Cousin has always used his phone for about the last 15 years, very tech savvy.

Myself i have always used a satnav although to start with i actually used a pda with nav software.


----------



## Kerr (Mar 27, 2012)

I use Google maps navigation and it works a treat. 

You can get various sticky clamps for the windscreen or the dashboard. Quality varies a lot though.

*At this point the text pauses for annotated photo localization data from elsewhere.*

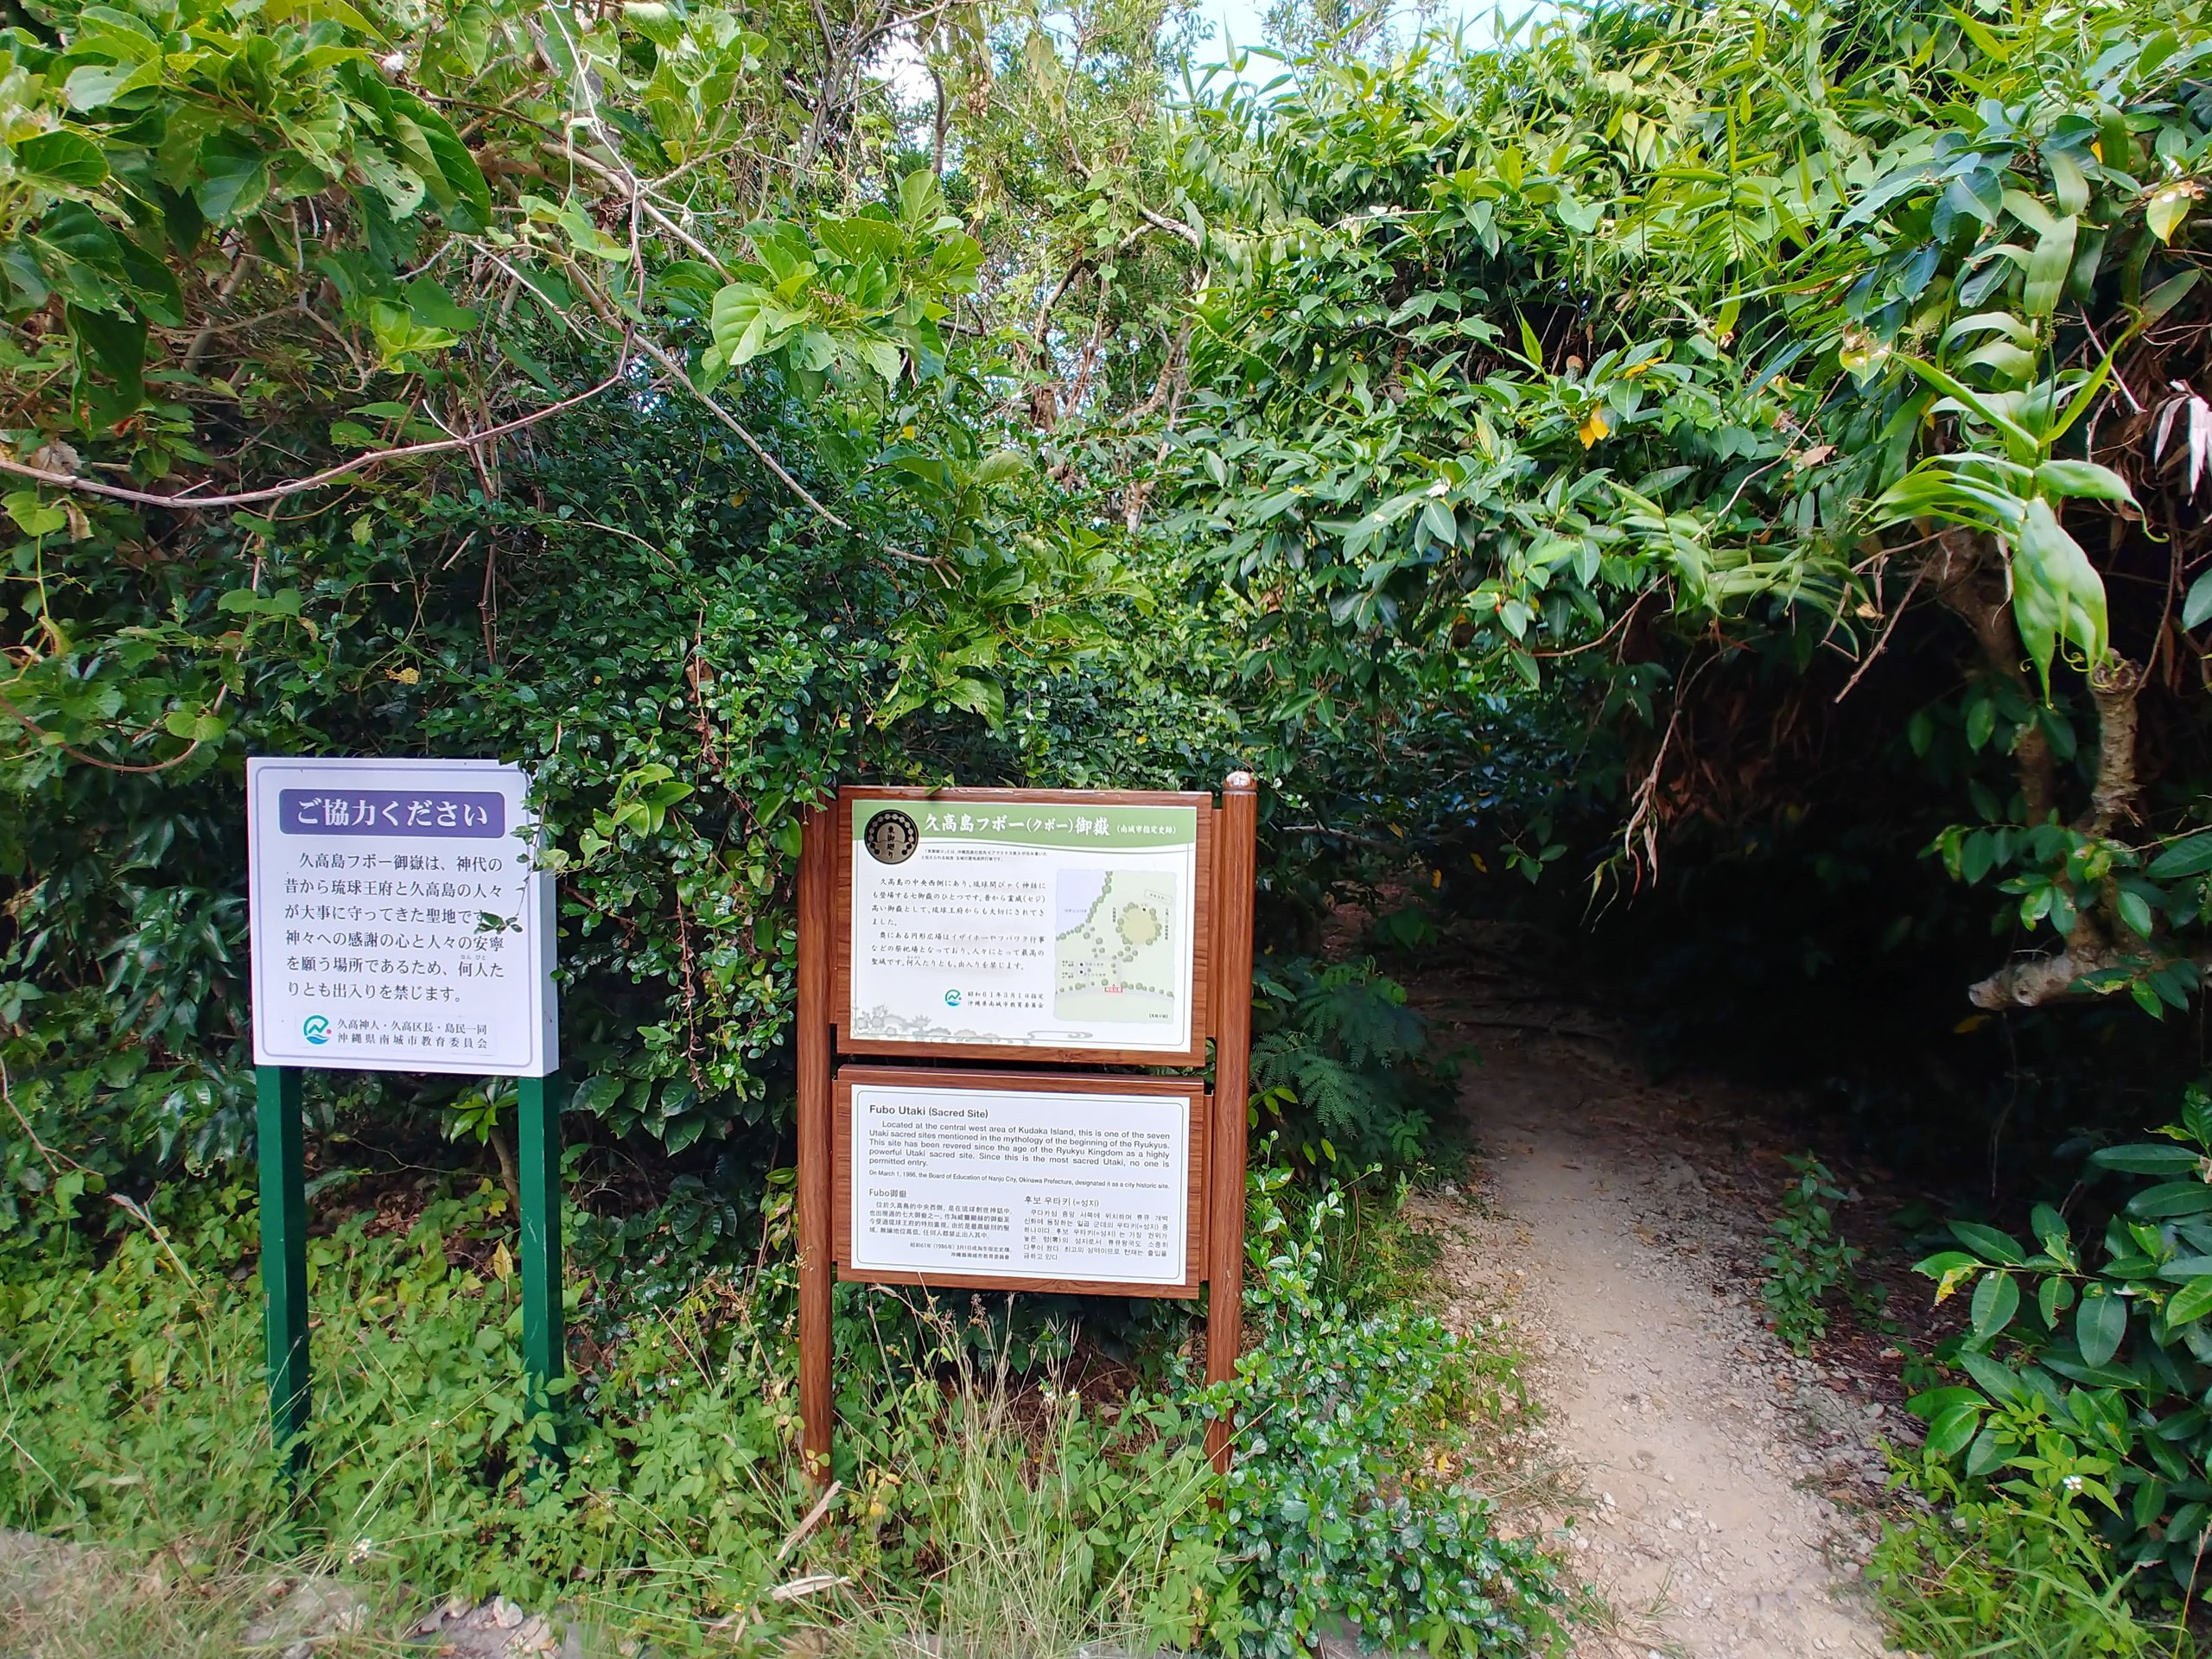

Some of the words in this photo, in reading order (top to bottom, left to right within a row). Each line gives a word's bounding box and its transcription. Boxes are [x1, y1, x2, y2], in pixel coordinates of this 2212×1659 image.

[298, 798, 487, 826] ご協力ください
[284, 878, 501, 898] 昔から琉球王府と久高島の人々
[872, 918, 897, 926] ました。
[285, 929, 504, 951] 神々への感謝の心と人々の安寧
[287, 956, 504, 977] を願う場所であるため、何人た
[289, 982, 460, 1002] りとも出入りを禁じます。
[338, 1032, 487, 1049] 沖縄県南城市教育委員会
[869, 1104, 895, 1114] Fubo
[899, 1105, 925, 1116] Utaki
[928, 1106, 964, 1117] (Sacred
[967, 1109, 988, 1119] Site)
[882, 1120, 912, 1128] Located
[1018, 1126, 1047, 1135] Kudaka
[1050, 1128, 1076, 1136] Island,
[1002, 1135, 1043, 1145] mythology
[1069, 1137, 1108, 1147] beginning
[1134, 1141, 1169, 1150] Ryukyus.
[979, 1152, 1001, 1160] Since
[1103, 1158, 1125, 1166] Utaki,
[1056, 1147, 1084, 1156] Ryukyu
[1088, 1147, 1122, 1157] Kingdom
[1146, 1150, 1169, 1160] highly
[907, 1159, 928, 1167] entry.
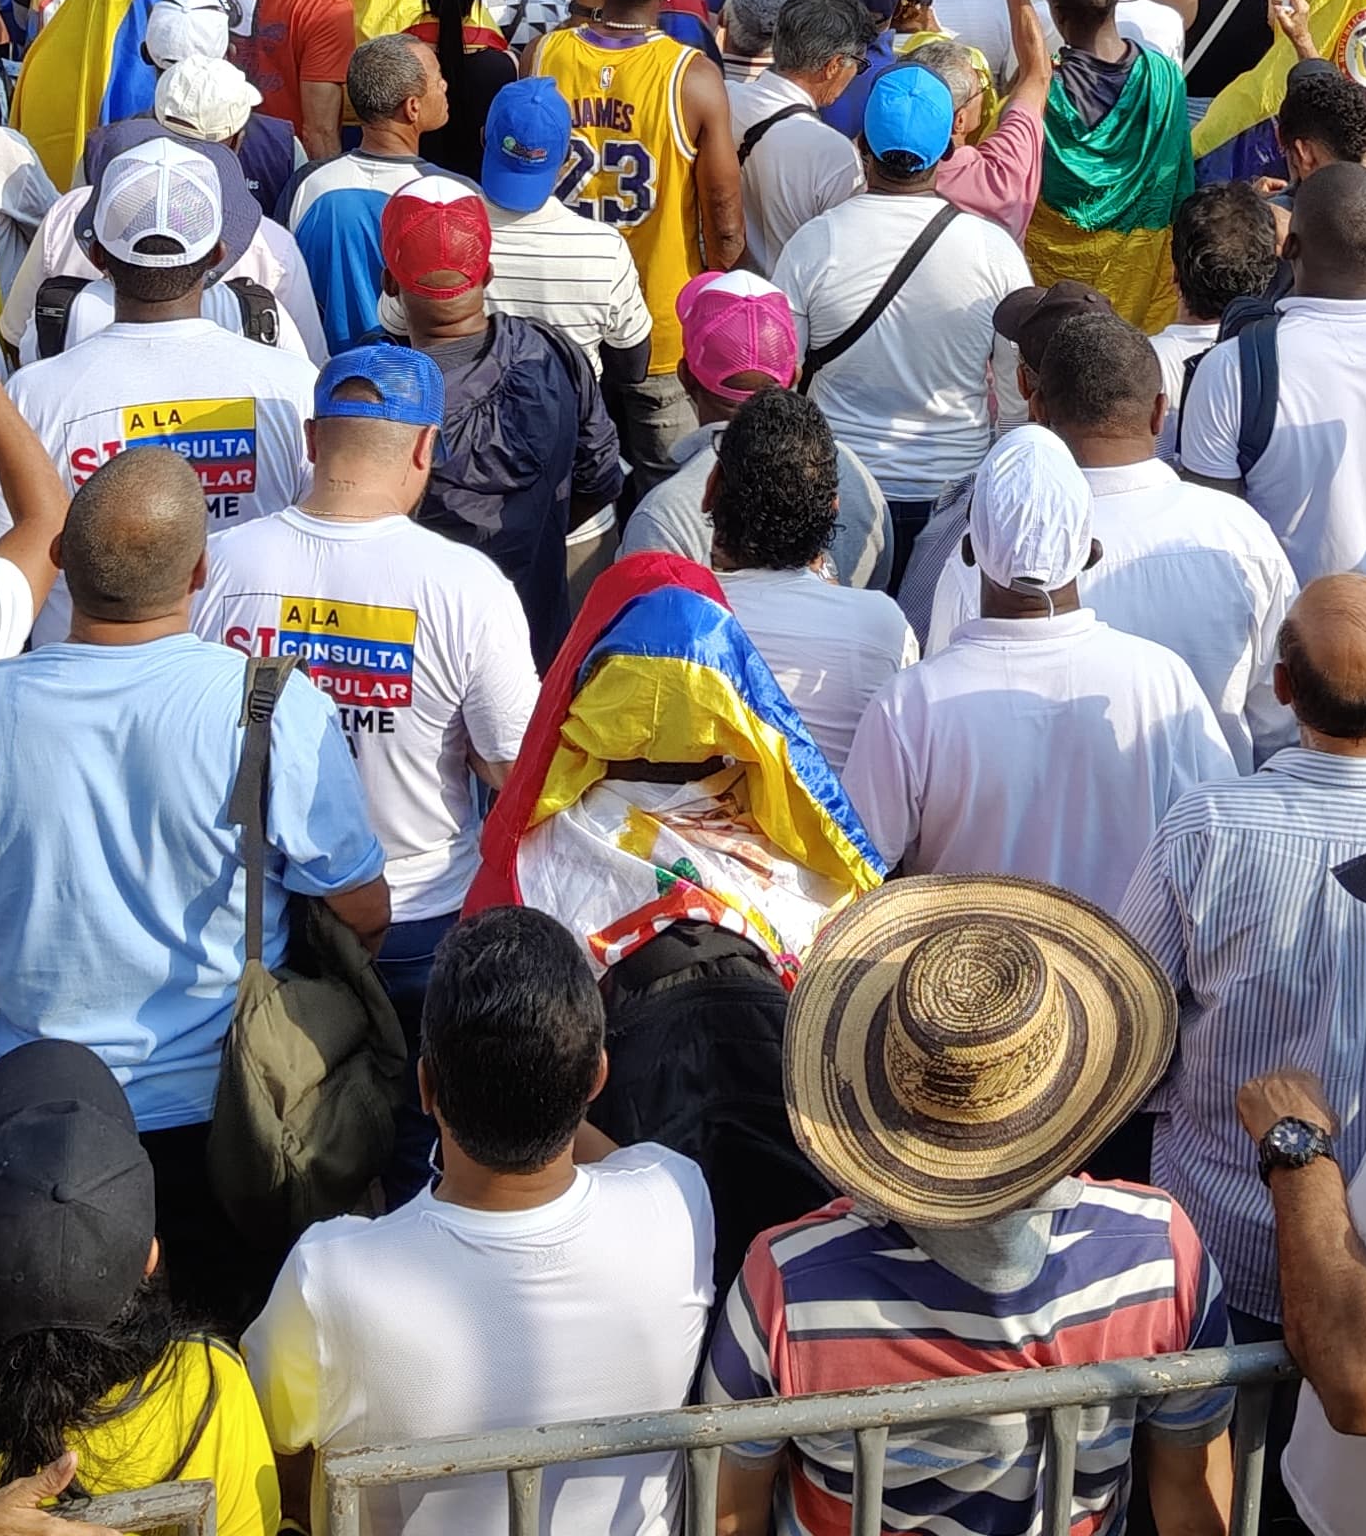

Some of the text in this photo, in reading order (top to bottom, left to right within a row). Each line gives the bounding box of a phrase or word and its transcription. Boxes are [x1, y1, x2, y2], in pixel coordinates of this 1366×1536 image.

It also works well if you use your phone for music. The direction commands filter in and out with the music.


----------



## mr v6 (Jun 29, 2007)

I use Sygic & Co Pilot. Both stored offline UK maps to the SD card.. Much better than relying on internet / network related maps when you're in an area with limited or no reception / signal.


----------



## Darlofan (Nov 24, 2010)

Yeah use the one that came on my S2 for last few years. Works brilliant and updates free and regularly. Have a dash mount just left of steering wheel which powers phone and connects through speakers for sat nav instructions or playing music.


----------



## Poohbore (Aug 10, 2013)

I used to use waze on my iphone sat in a brodit a pillar mount. Worked great but it uses a lot of data


----------



## graham1970 (Oct 7, 2012)

Co pilot sounds good...so any links to mounts your using guys?


----------



## Poohbore (Aug 10, 2013)

http://www.dsldevelopments.com/ the powered mounts are great coupled with an A pillar clip


----------



## gti fly (May 19, 2011)

yes, I've totally stopped using tomtom and my car's Satnav (alpine INS 900r).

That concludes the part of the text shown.